Dave took satisfaction in the consciousness of his integrity; still it was not pleasant to be suspected. It was Toby Tolman's mysterious language, indicating that he too held Dave in some kind of suspicion, which troubled Dave painfully. The day after Dr. Peters's visit the light-keeper again referred to this mystery. He roused himself into a state of seeming consciousness, and then relapsed. Again he awoke. He looked around him and fastened his eyes on the top of a clothes-press in the room.
"What do you want, sir? Anything there that you want to put on?" asked Dave.
The keeper shook his head. Pointing at the top of the press, he said, "Dave, I would put it back."
"What do you mean? I don't understand you."
The keeper, though, was gone again, murmuring about the tide, which he said was very late, and when would it come in? He had been awake long enough to cruelly wound Dave once more.
Bart Trafton had gone home with Dr. Peters, rowing him to town in the same dory that brought him to the light the night before. In two days Bart was down again. As he sat in the kitchen eating some apple-pie offered him by his father, he said, "Father, I found something in our shed."
"What was it, Bart?"
Laying down his lunch, Bart drew out of a package a chronometer.
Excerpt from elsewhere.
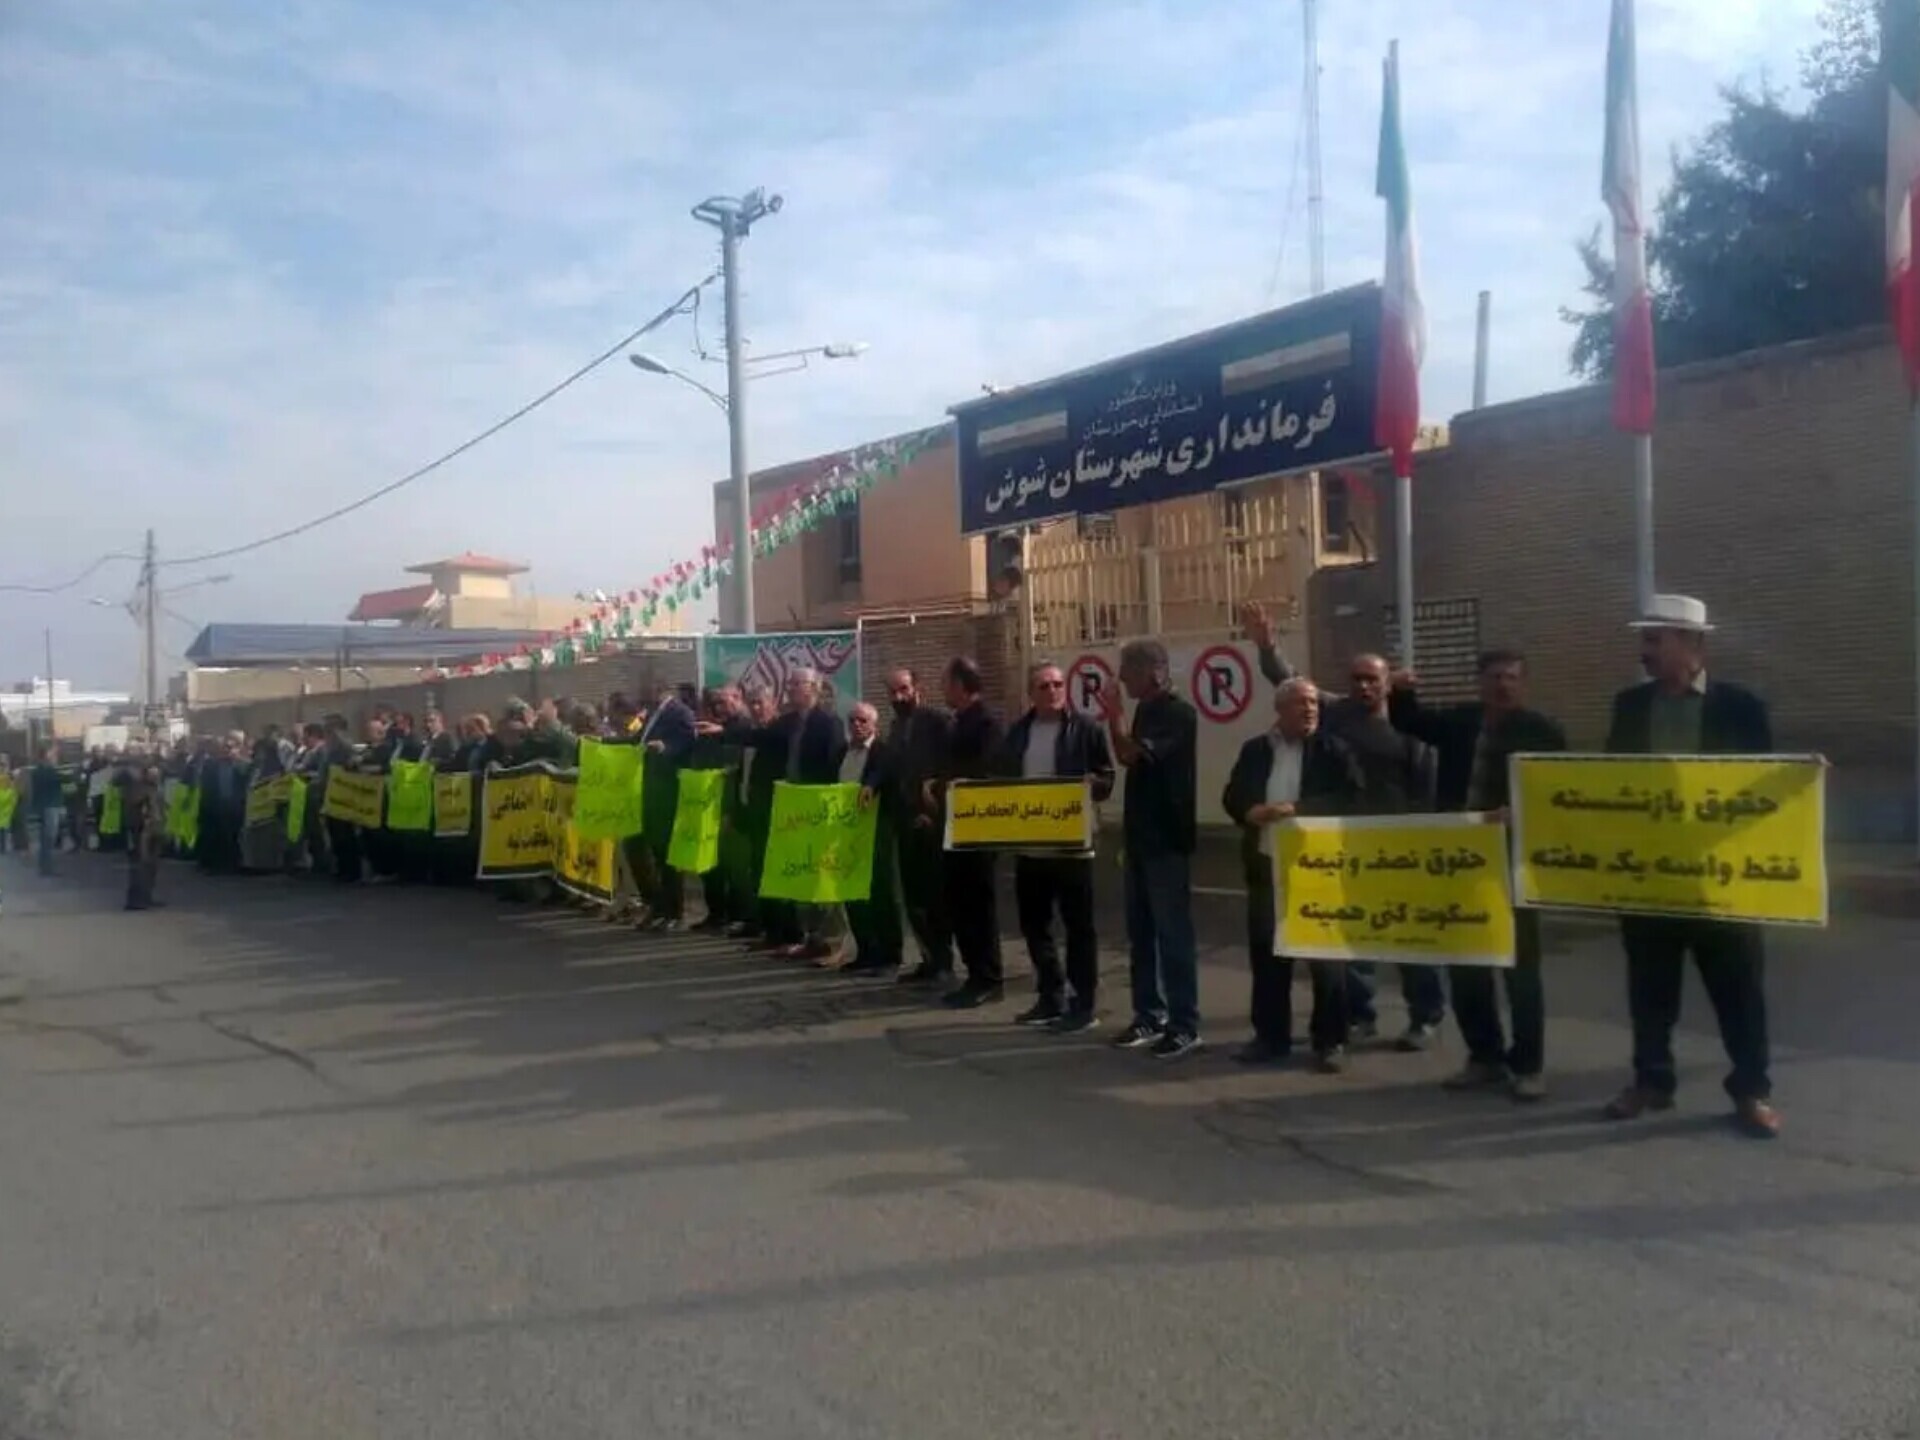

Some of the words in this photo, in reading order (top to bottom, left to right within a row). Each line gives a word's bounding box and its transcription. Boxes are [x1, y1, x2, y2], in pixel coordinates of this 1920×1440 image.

"Found that in the shed?" asked the surprised father.
"Yes, on a shelf."
"Why, Bart, this has got the letters of our lighthouse on it. Must have come from here. And in our shed! How did it get there? I must show this to Dave," said Thomas Trafton.
"Hush-sh!" exclaimed Dave, when his assistant entered the room; "Toby is trying to get some sleep."
"See here!" said Thomas, in low tones. "Must show you something."
"I never saw it before," replied Dave, handling the chronometer. "It belongs here, though. There are the initials. Where did you get it?"
A stir among the bedclothes arrested the attention of the two men. Toby Tolman had opened his eyes, and was looking at them. Something he saw must have pleased him, for he smiled.
"That is right, Dave. I am glad you brought it back. I would put it up."
"Where?" asked the astonished Dave, anxious to lay hold of any clue to a serious mystery.
"Up there."
He pointed at the top of the clothes-press. The press was not a tall one. Dave standing on tiptoe could reach to its top, and he now laid the watch there.
"Is that right?" asked Dave.
The keeper nodded his head, and then closed his eyes, his face wearing a satisfied expression foreign to it all through his sickness.
"Is not that queer?" whispered Dave. "Some mystery that is too deep for me."
He beckoned Thomas and Bart out of the room, and then followed them downstairs.
"Now, how do you explain that?" asked Dave, as the three clustered about the stove, whose heat that day was acceptable, for the air was chilly and the wind was a prophet of storm.
"Don't know," said Thomas.
"I'd give this old pocket-book full of silver," declared Dave, "to have that thing cleared up. It takes a load off my mind, I tell you. The old man has been harping on the fact that I took something, and he has been looking toward that old clothes-press in such a strange way. I didn't know anything was up there. Did you see how he acted, smiled about it?"
"Where did you get this pocket-book?" asked Thomas.
"The day that Toby was taken sick I picked it up among the rocks here. I had been over at your fish-house, and found it when I was coming back. Been in the water, you see."
"Here are some letters on it--T.W."
"That means Tobias Winkley or--"
"Thomas Winkley. Can't prove it to be Thomas Trafton; and if you could no money is in it. 'T.W.,' that is Timothy Watson."
"Or Timothy Waters."
"Yes; Timothy Waters, or anything that would go with those initials. Toby Tolman wouldn't go."
"Now I must go upstairs again to be with my patient."
Dave Fletcher's heart was lighter as he went upstairs again, but the burden now lightening on his shoulders seemed to be transferred to those of Thomas Trafton.
"Don't understand this!" he exclaimed. "Where is Bart? Bart!"
There was no response to this call, and the father went downstairs into the storeroom to hunt up Bart.
"Nobody here. I'll go into the signal-tower," said Thomas; and up in the engine-room, looking soberly out of a window fronting the breakers on the bar, stood Bart.
"You here, Bart? What are you doing here?"
"Thinking," said the boy gloomily.
"What makes you so sober, Bart?"
"Don't like to have folks suspected."
"Neither do I. That old thing was found in our shed, but I don't know anything about it."
It relieved Bart to hear his father's stout assertion of innocence, but his burdens had not all dropped.
"You know they talk about Dave, father."
"Well, you don't believe it?"
How could Bart consent to take Dave Fletcher down from that high pedestal to which he had elevated him? How could he believe that his marble statue was after all only common clay, and even of an inferior earth?
"I won't believe it till it is proved," said Bart stoutly, "nor of you either, father."
This relieved Thomas Trafton.
"Bart, you see if I don't turn this rascally thing over and get at the truth! I'll find the mischief-maker; yes, I will."
Thomas Trafton was by nature a detective. He put himself on the trail of this mystery, and if a trained hound he could not have followed the track more keenly and resolutely. He announced his purpose to Dave, and the latter would ask him occasionally if he had any clue.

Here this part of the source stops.